Authors: Yuval Ishai, Dakshita Khurana, Amit Sahai, Akshayaram Srinivasan

Abstract:

We consider the question of minimizing the round complexity of secure multiparty computation (MPC) protocols that make a black-box use of simple cryptographic primitives in the setting of security against any number of malicious parties. In the plain model, previous black-box protocols required a high constant number of rounds (>15). This is far from the known lower bound of 4 rounds for protocols with black-box simulators. When allowing a random oblivious transfer (OT) correlation setup, 2-round protocols making a black-box use of a pseudorandom generator were previously known. However, such protocols were obtained via a round-collapsing protocol garbling'' technique that has poor concrete efficiency and makes a non-black-box use of an underlying malicious-secure protocol.

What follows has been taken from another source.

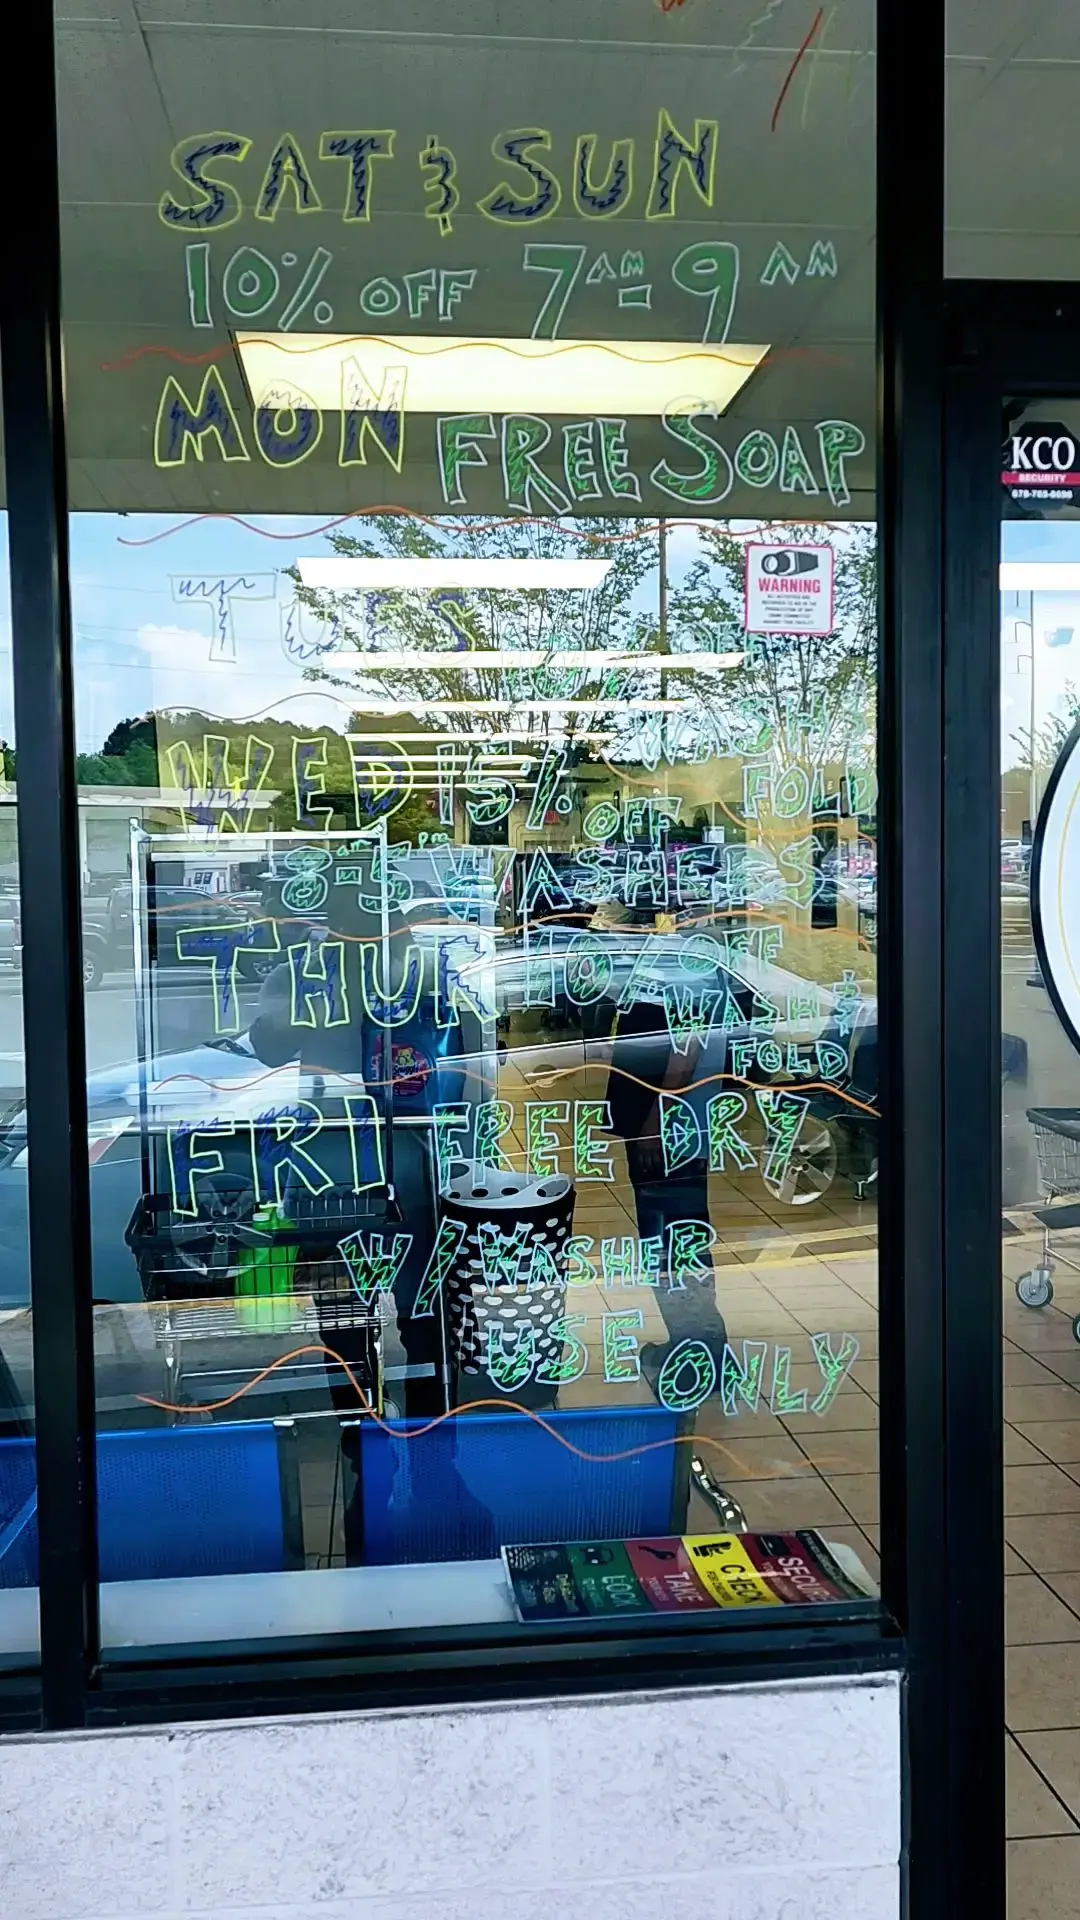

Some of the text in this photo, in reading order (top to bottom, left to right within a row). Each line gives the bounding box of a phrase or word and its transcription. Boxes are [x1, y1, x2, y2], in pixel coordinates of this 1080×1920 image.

We improve this state of affairs by presenting the following types of black-box protocols. - 4-round pairwise MPC’’ in the plain model. This round-optimal protocol enables each ordered pair of parties to compute a function of both inputs whose output is delivered to the second party. The protocol makes black-box use of any public-key encryption (PKE) with pseudorandom public keys. As a special case, we get a black-box round-optimal realization of secure (copies of) OT between every ordered pair of parties. - 2-round MPC from OT correlations. This round-optimal protocol makes a black-box use of any general 2-round MPC protocol satisfying an augmented notion of {\em semi-honest} security. In the two-party case, this yields new kinds of 2-round black-box protocols. - 5-round MPC in the plain model. This protocol makes a black-box use of PKE with pseudorandom public keys, and 2-round oblivious transfer with semi-malicious'' security. A key technical tool for the first result is a novel combination of split-state non-malleable codes (Dziembowski, Pietrzak and Wichs, JACM '18) with standalone secure two-party protocols. The second result is based on a new round-optimized variant of the IPS compiler’’ (Ishai, Prabhakaran and Sahai, Crypto '08). The third result is obtained via a specialized combination of these two techniques.